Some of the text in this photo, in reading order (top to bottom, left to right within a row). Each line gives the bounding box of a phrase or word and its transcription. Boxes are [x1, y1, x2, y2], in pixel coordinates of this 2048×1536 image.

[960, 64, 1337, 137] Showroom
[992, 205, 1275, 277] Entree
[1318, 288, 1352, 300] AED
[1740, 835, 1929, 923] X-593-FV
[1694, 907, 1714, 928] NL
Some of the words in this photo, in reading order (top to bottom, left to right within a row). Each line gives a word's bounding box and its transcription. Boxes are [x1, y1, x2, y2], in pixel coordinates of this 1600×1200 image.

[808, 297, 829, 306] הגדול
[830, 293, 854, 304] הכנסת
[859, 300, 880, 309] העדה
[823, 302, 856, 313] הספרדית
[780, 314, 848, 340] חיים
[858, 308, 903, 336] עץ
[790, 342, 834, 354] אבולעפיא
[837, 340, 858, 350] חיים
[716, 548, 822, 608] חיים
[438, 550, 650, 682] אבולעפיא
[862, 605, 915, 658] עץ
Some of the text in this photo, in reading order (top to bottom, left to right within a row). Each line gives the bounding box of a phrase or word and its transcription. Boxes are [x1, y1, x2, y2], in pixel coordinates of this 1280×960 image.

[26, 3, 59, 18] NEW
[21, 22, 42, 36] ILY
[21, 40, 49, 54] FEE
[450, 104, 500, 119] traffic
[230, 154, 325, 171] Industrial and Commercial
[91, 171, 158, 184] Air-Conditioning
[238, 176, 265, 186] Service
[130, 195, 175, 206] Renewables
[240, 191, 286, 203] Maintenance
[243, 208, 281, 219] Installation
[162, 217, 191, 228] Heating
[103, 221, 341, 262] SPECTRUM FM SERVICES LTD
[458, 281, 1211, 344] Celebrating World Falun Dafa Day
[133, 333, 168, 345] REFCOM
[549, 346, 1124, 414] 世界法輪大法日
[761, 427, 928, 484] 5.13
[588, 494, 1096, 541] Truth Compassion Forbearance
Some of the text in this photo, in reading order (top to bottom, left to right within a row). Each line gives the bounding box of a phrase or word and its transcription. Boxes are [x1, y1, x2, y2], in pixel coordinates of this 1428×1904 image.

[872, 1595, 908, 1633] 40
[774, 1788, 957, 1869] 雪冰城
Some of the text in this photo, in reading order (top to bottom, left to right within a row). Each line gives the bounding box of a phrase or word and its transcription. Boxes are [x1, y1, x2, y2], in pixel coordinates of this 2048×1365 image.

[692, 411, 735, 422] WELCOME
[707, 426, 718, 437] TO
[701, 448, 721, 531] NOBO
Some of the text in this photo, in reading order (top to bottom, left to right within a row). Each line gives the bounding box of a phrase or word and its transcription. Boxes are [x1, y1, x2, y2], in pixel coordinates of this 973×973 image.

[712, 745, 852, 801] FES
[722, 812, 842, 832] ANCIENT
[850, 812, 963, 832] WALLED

[Exercise requirements]: Through the last line of the entries above, beginning at the line containing "this 2048×1365 image.", transcribe each line exactly, both ends included and nothing more.

[Answer to this task]:
Some of the text in this photo, in reading order (top to bottom, left to right within a row). Each line gives the bounding box of a phrase or word and its transcription. Boxes are [x1, y1, x2, y2], in pixel coordinates of this 2048×1365 image.

[692, 411, 735, 422] WELCOME
[707, 426, 718, 437] TO
[701, 448, 721, 531] NOBO
Some of the text in this photo, in reading order (top to bottom, left to right within a row). Each line gives the bounding box of a phrase or word and its transcription. Boxes are [x1, y1, x2, y2], in pixel coordinates of this 973×973 image.

[712, 745, 852, 801] FES
[722, 812, 842, 832] ANCIENT
[850, 812, 963, 832] WALLED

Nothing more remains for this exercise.